-
Tips for becoming a good boxer - November 6, 2020
-
7 expert tips for making your hens night a memorable one - November 6, 2020
-
5 reasons to host your Christmas party on a cruise boat - November 6, 2020
-
What to do when you’re charged with a crime - November 6, 2020
-
Should you get one or multiple dogs? Here’s all you need to know - November 3, 2020
-
A Guide: How to Build Your Very Own Magic Mirror - February 14, 2019
-
Our Top Inspirational Baseball Stars - November 24, 2018
-
Five Tech Tools That Will Help You Turn Your Blog into a Business - November 24, 2018
-
How to Indulge on Vacation without Expanding Your Waist - November 9, 2018
-
5 Strategies for Businesses to Appeal to Today’s Increasingly Mobile-Crazed Customers - November 9, 2018
Iran says Saudi will face ‘divine revenge’
“The divine hand of revenge will take the Saudi politicians by the throat”, Khamenei, Iran’s highest authority, said on Sunday.
Advertisement
Mr Khamenei added: “This oppressed cleric did not encourage people to join an armed movement, nor did he engage in secret plotting, and he only voiced public criticism… based on religious fervour”.
The execution of prominent Shi’ite cleric Sheikh Nimr al-Nimr will mark the end of Saudi Arabia’s government, says Nuri al-Maliki, Iraq’s former prime minister and a prominent politician with ties to Iran.
A small group stormed the premises and several people were arrested, Tehran police chief Hossein Sajedinia told the state-run Islamic Students’ News Agency.

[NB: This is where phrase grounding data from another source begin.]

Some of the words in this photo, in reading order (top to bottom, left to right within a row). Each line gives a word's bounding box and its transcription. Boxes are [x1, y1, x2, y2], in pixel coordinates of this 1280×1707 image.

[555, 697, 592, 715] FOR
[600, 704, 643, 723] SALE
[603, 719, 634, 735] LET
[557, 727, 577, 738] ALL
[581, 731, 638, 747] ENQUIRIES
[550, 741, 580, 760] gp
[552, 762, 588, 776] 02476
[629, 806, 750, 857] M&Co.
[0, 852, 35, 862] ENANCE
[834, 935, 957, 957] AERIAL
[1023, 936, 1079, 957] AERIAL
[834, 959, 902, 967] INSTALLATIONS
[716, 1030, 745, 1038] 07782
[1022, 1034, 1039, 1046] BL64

The two regional powers are on opposite sides of Middle East conflicts from Syria to Yemen.
Saudi foreign ministry spokesman Mansur al-Turki called Iran’s reaction “irresponsible”, and Riyadh summoned Tehran’s envoy in protest.
The cleric was one of 47 executed across Saudi Arabia on Saturday for terrorism-related offences.

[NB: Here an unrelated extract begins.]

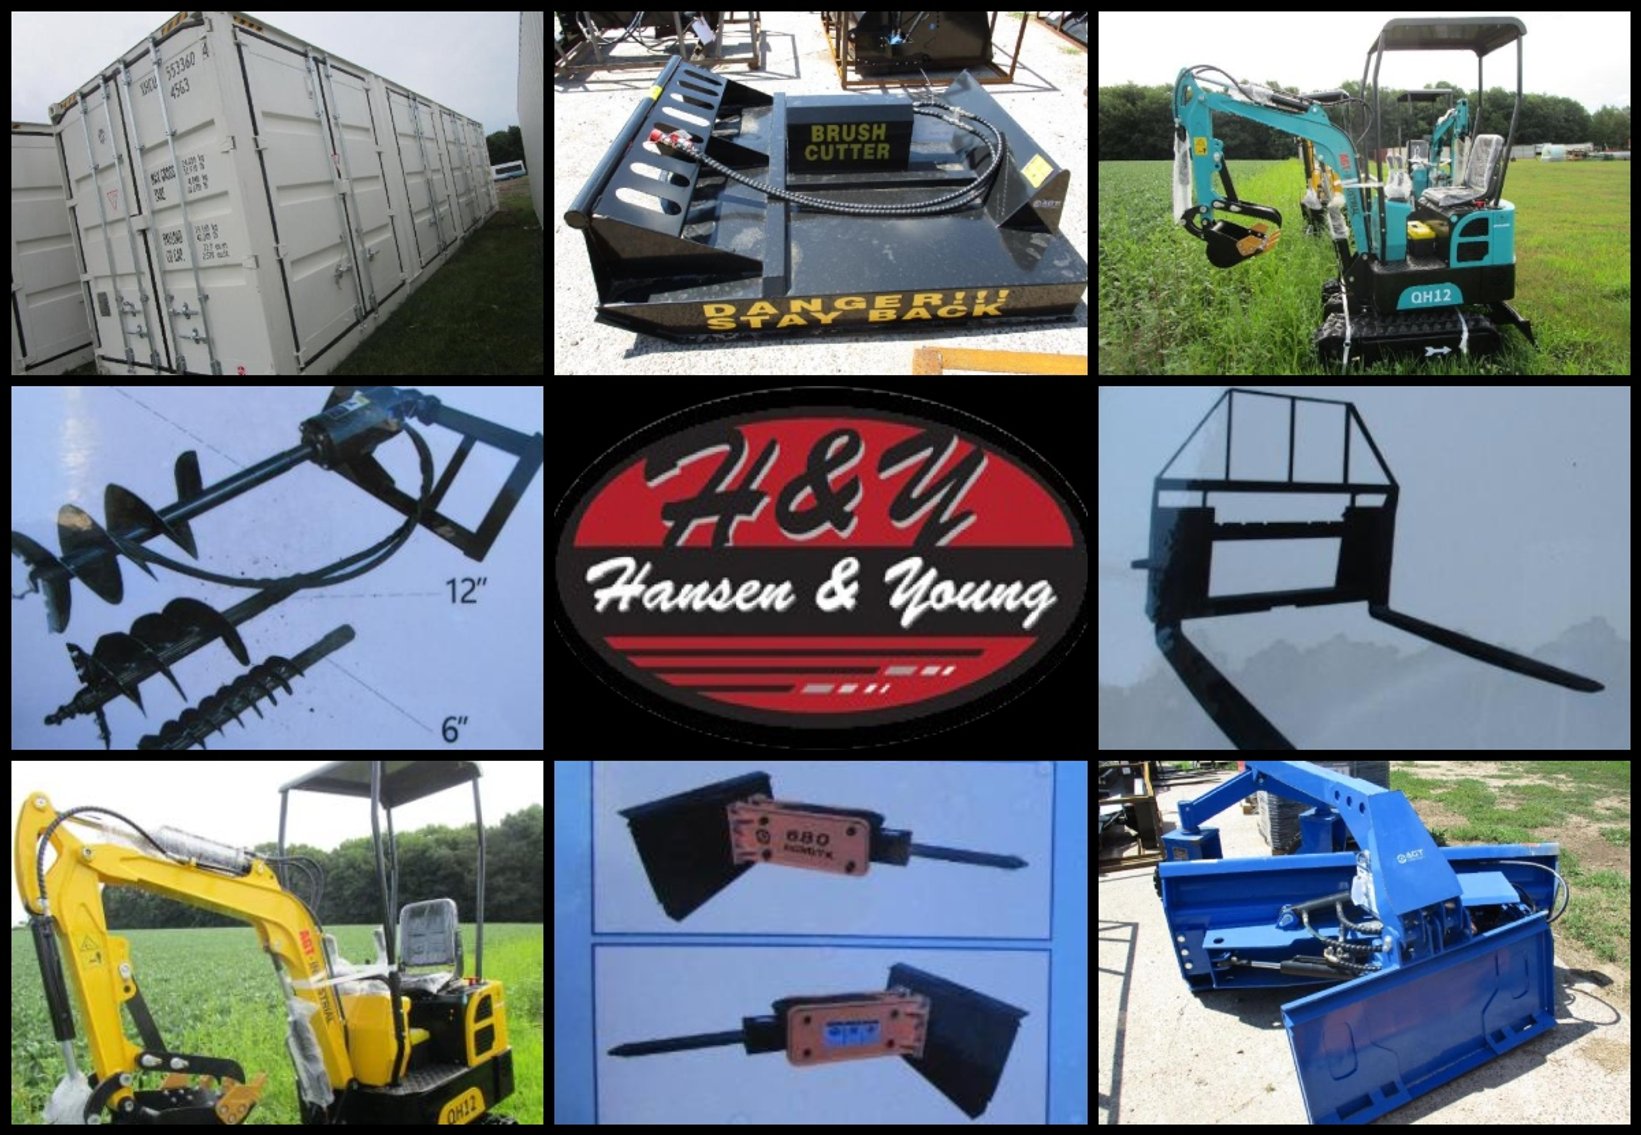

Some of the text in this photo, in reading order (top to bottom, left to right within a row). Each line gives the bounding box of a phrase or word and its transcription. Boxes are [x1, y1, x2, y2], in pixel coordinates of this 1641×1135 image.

Some of the attacks happened between 2003 and 2006.
Nimr, the most vocal critic of the dynasty among the Shi’ite minority, had come to be seen as a leader of the sect’s younger activists, who had exhausted of the failure of older, more measured leaders to achieve equality with Sunnis.
I congratulate and condole over the martyrdom of the great scholar Sheikh Baqir Nimr al-Nimr to Imam Mahdi (PBUH), the Leader as well as all Muslims.
Shiites make up 10 to 15 per cent of Saudi Arabia’s population, according to the CIA World Factbook. “Why do those who claim to back freedom and democracy support this (Saudi) government?”
It said he described the execution of Sheikh Nimr al-Nimr as a “political error”.
Some of the men were shot by a firing squad and some were beheaded, a ministry spokesman said on Al-Arabiya TV.
The US State Department said Nimr’s execution “risks exacerbating sectarian tensions at a time when they urgently need to be reduced”.
Advertisement
“Indeed, the House of Saud is so dependent on USA support that, even though it enjoys a long standing “special relationship” with America in much the same way Israel does, if the Obama administration was even remotely concerned about the rights of Nimr al-Nimr, or about his nephew Ali al-Nimr who was recently sentenced to death and crucifixion as a result of his participation in peaceful protests when he was 17, or indeed about the rights of any of the others eliminated by yesterday’s judicially sanctioned mass beheadings, then the United States could quite easily have stopped this madness by Obama himself making strong diplomatic representations months ago to King Salman bin Abdulaziz and his inner circle”, Grossman said.